Adam finally released her and pushed her gently so that she fell back onto the bed. With a mocking grin he turned to confront Aunt Sophie in the doorway.

'Don't worry, she is unharmed. I suggest we leave her here to sleep and you see her in the morning when she has had time to recover her temper.'

With that he stepped outside and to Kate’s renewed rage locked the door.

Unable to move, she sat there for some time trying to untangle her whirling emotions. Superimposed on the dismay that her plan had been foiled was resentment at Adam's high handed manner in literally carrying her from Amelia's house, and bewilderment at the effect of his kisses. This one had left her breathless, her heart pounding as though she had herself just run all the way from Park Street and up several flights of stairs. Her knees were unable to support her, and her brain was incapable of coherent thought.

'Not a kiss, that wasn't a kiss,' she whispered suddenly. At least it had not been anything like his previous kisses. Lips were soft, and gentle, not fierce and hungry and punishing as Adam's had just been. And instead of the glow of contentment which the heroines of the novels she read always seemed to feel when their lovers kissed them, her body was on fire with brief but intense, flickering, tingling sensations she had never before known.

'He's not my lover,' she said suddenly, wondering why on earth the word had entered her mind. That must be it. Adam had attacked her, not kissed her, which accounted for the strangeness of her reactions to his kiss. With someone she loved, and who loved her, it would surely be very different.

Relaxing against the pillows she began to dream, as she had occasionally done in the last few months, of the man who would make her fall in love, and who would then carry her off to a life of everlasting bliss and contentment. Though she had declared to Adam and others that she had no wish to marry, she knew deep down this was only a defence. She was afraid she would never find a man she could love wholeheartedly, who would love her as intensely. If she ever did, his kisses would be different, she thought with satisfaction, but try as she might to conjure up the face and form of a man once seen in church at home, and who had seemed to her fourteen-year-old eyes to be an ideal focus for romance, the mocking, handsome face of Adam Rhydd was always before her. She shrugged mentally. That was probably to be expected after what he had done.

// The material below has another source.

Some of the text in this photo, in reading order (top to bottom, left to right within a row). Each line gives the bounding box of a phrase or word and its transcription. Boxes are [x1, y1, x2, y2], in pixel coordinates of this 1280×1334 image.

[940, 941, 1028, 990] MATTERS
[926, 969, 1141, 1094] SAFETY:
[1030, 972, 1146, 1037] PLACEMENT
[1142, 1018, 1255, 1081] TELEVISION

Then she recalled the words he had used which at the time she had been too startled to comprehend. He had called her a damned fetching wench. They were insulting words, never to be used to a lady, and she bridled at the thought, but to her renewed puzzlement she realized they indicated that in some way he admired her.

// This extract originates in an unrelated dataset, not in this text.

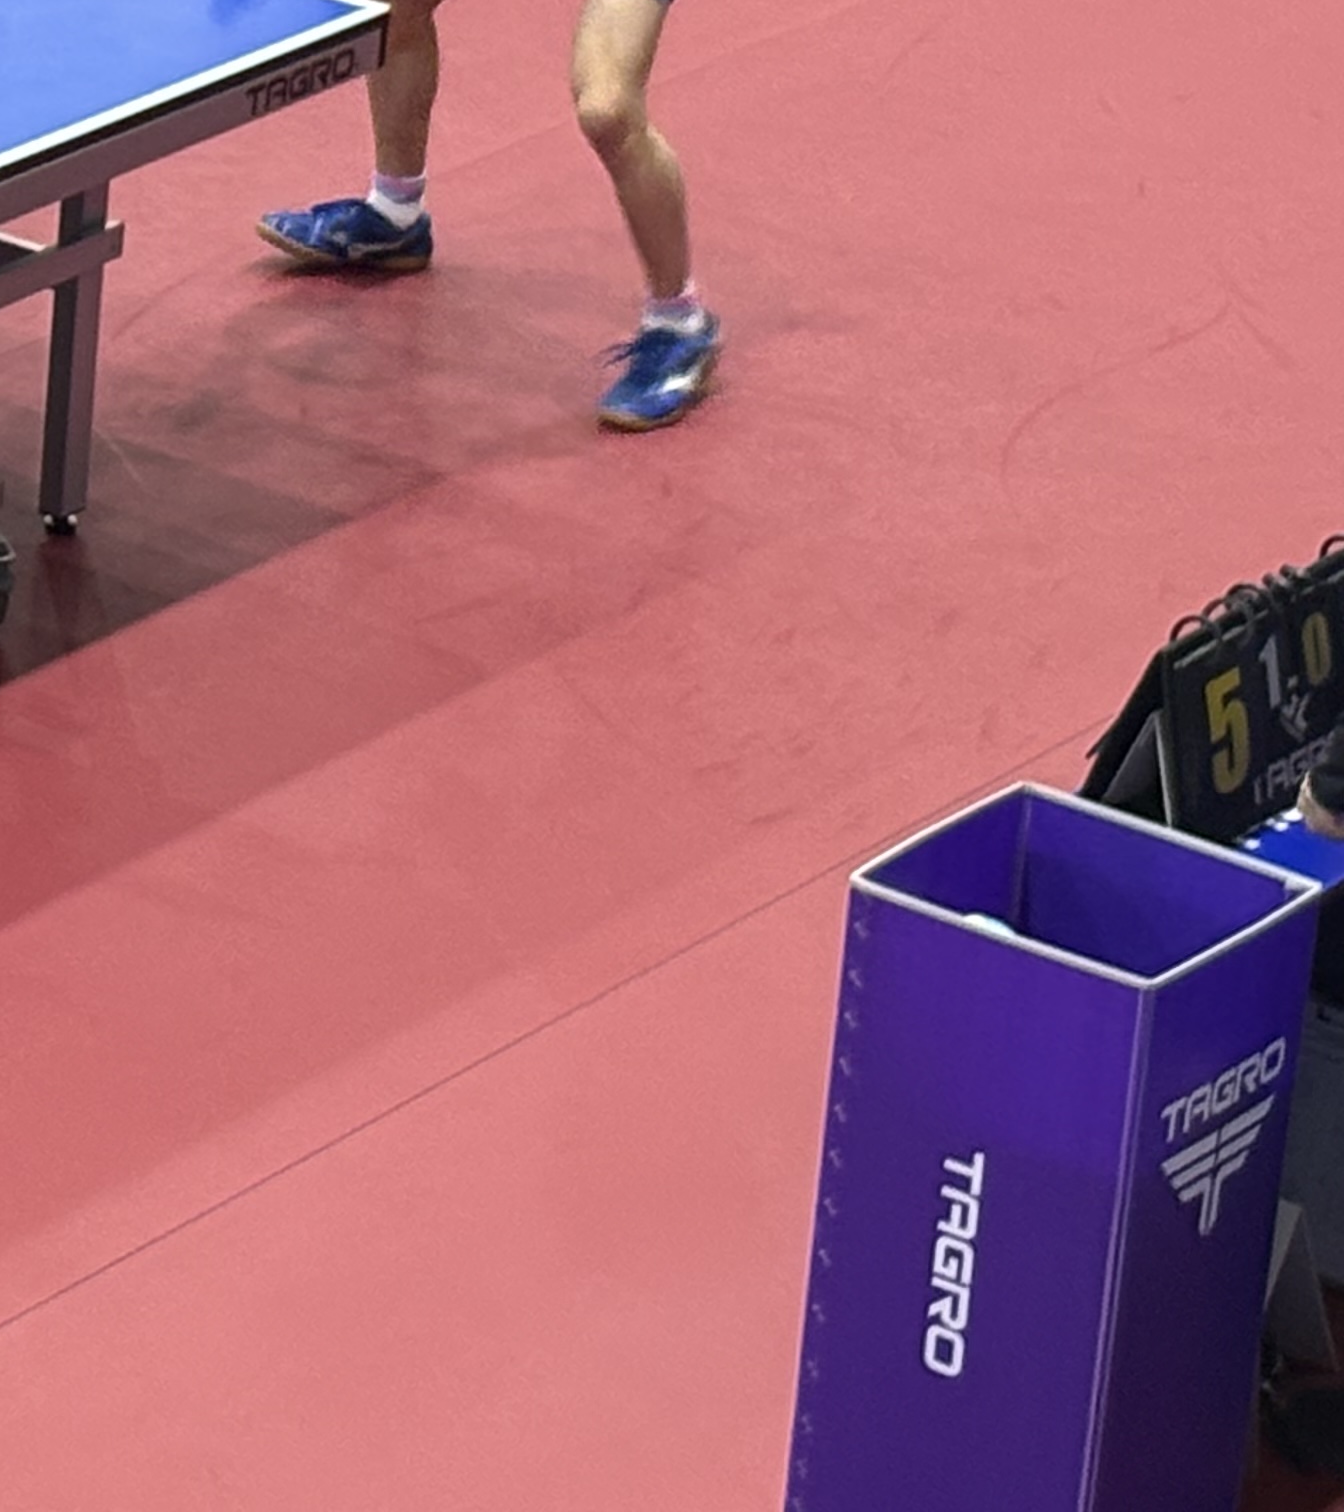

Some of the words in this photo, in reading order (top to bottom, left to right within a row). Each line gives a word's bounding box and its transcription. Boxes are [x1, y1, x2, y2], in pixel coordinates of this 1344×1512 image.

She sighed. She had never been encouraged to be vain, but she could not help knowing she was remarkably pretty. Her mirror only confirmed what many people, friends and acquaintances at home, as well as her new London friends and admirers, had told her. She had taken it for granted, thinking it a mere happy coincidence of colouring and features, but now she began to think seriously of the effect it had on other people.

Darcy, Martin, and many of the other young men she had met had made it plain that they were very taken with her too. They had been friendly and complimentary, although some of the prettier girls had seemed cold and less than anxious to be friends. But why should Adam, who was reputed an incorrigible flirt, had his pick of the debutantes, and was himself handsome enough to attract most women, be affected by her looks?

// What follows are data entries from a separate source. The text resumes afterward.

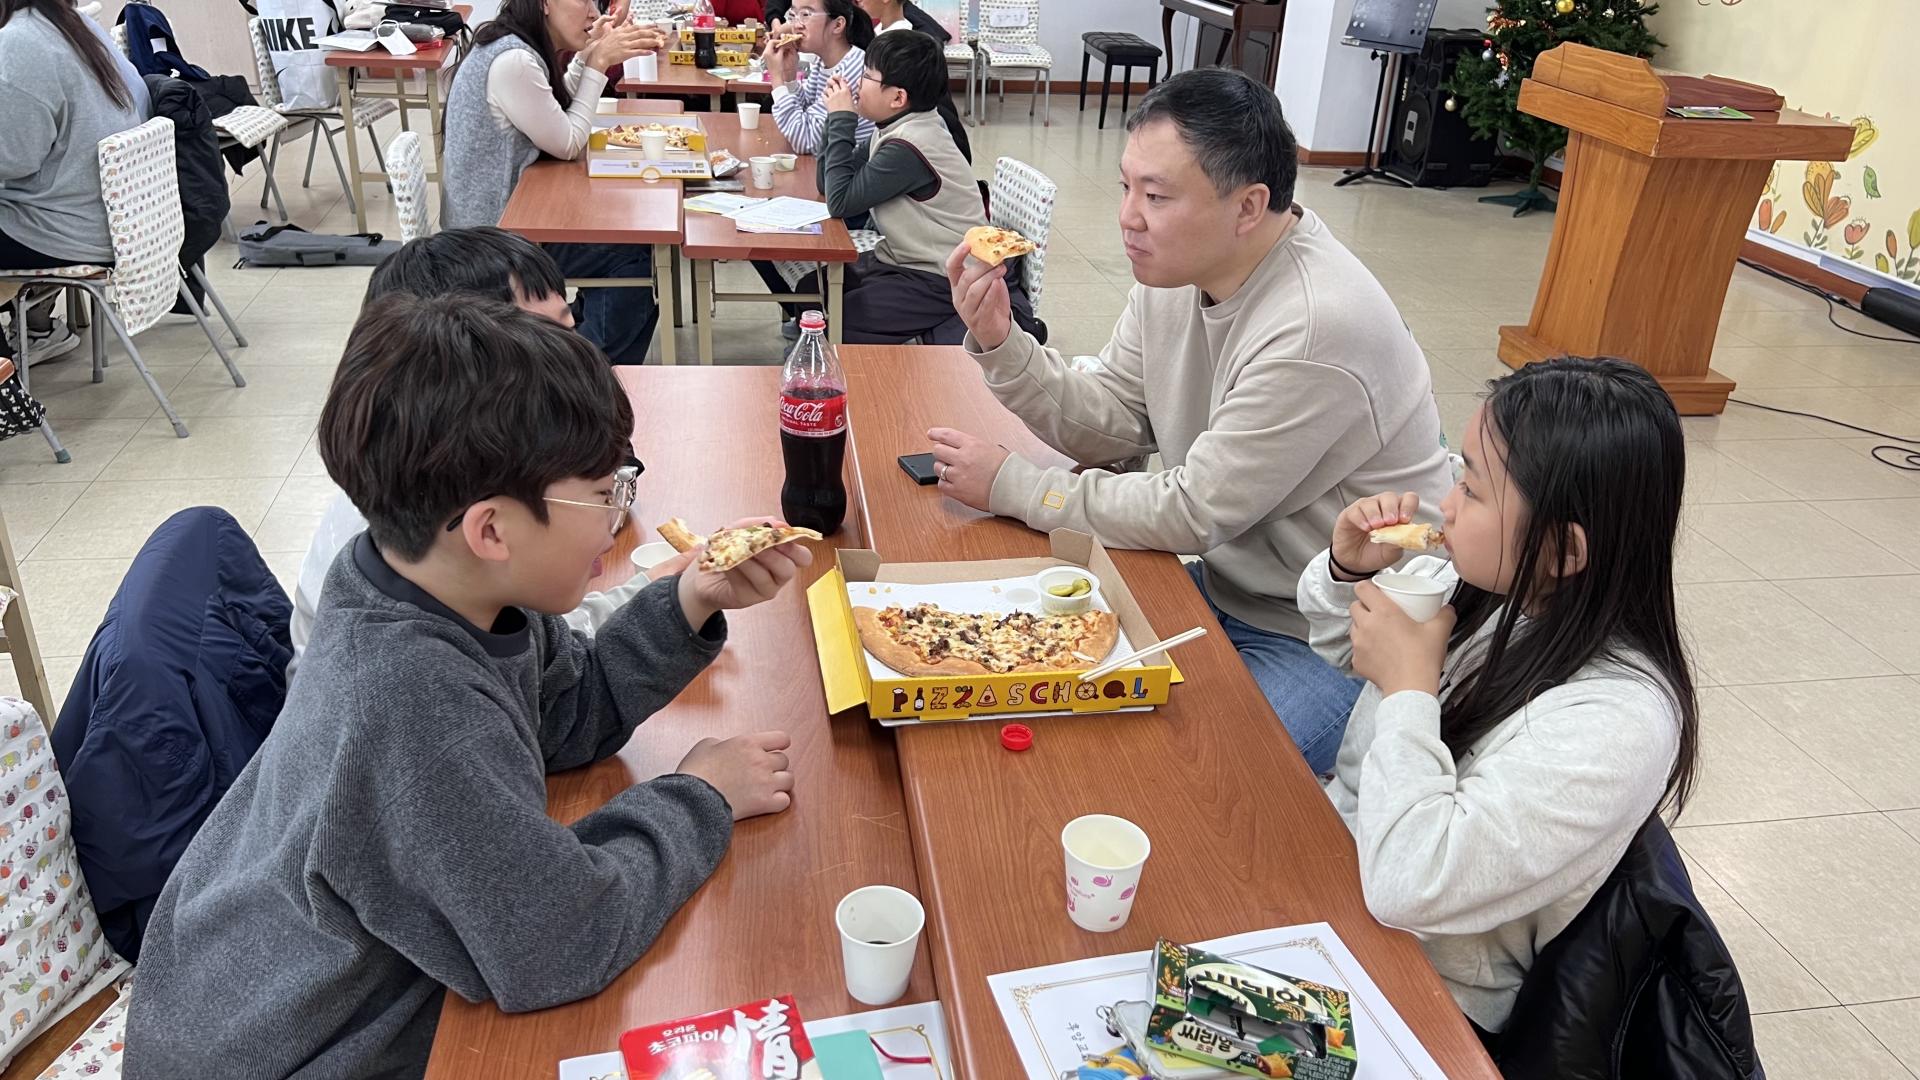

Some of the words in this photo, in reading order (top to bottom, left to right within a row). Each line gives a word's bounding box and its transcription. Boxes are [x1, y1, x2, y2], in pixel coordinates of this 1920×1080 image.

[892, 683, 998, 713] PIZZA
[1006, 676, 1149, 706] SCHOOL
[648, 1028, 719, 1056] 초코파이
[721, 998, 799, 1079] 情
[1178, 1023, 1233, 1053] 씨리얼

Perhaps, she thought suddenly, and for some reason the notion made her shiver, all he meant was that if she had been ugly and unprepossessing he would not have agreed to her grandfather's demands. Because she was pretty she was tolerable as a wife. And perhaps, if he had not promised, the old Earl would not have left him any money at all.

That must be it. Although if she refused to marry him he would get everything, the estates were not entailed and he might have been afraid he could be left with nothing. It was clear the late Earl had made a new will after meeting her, and he could easily have cut Adam out entirely.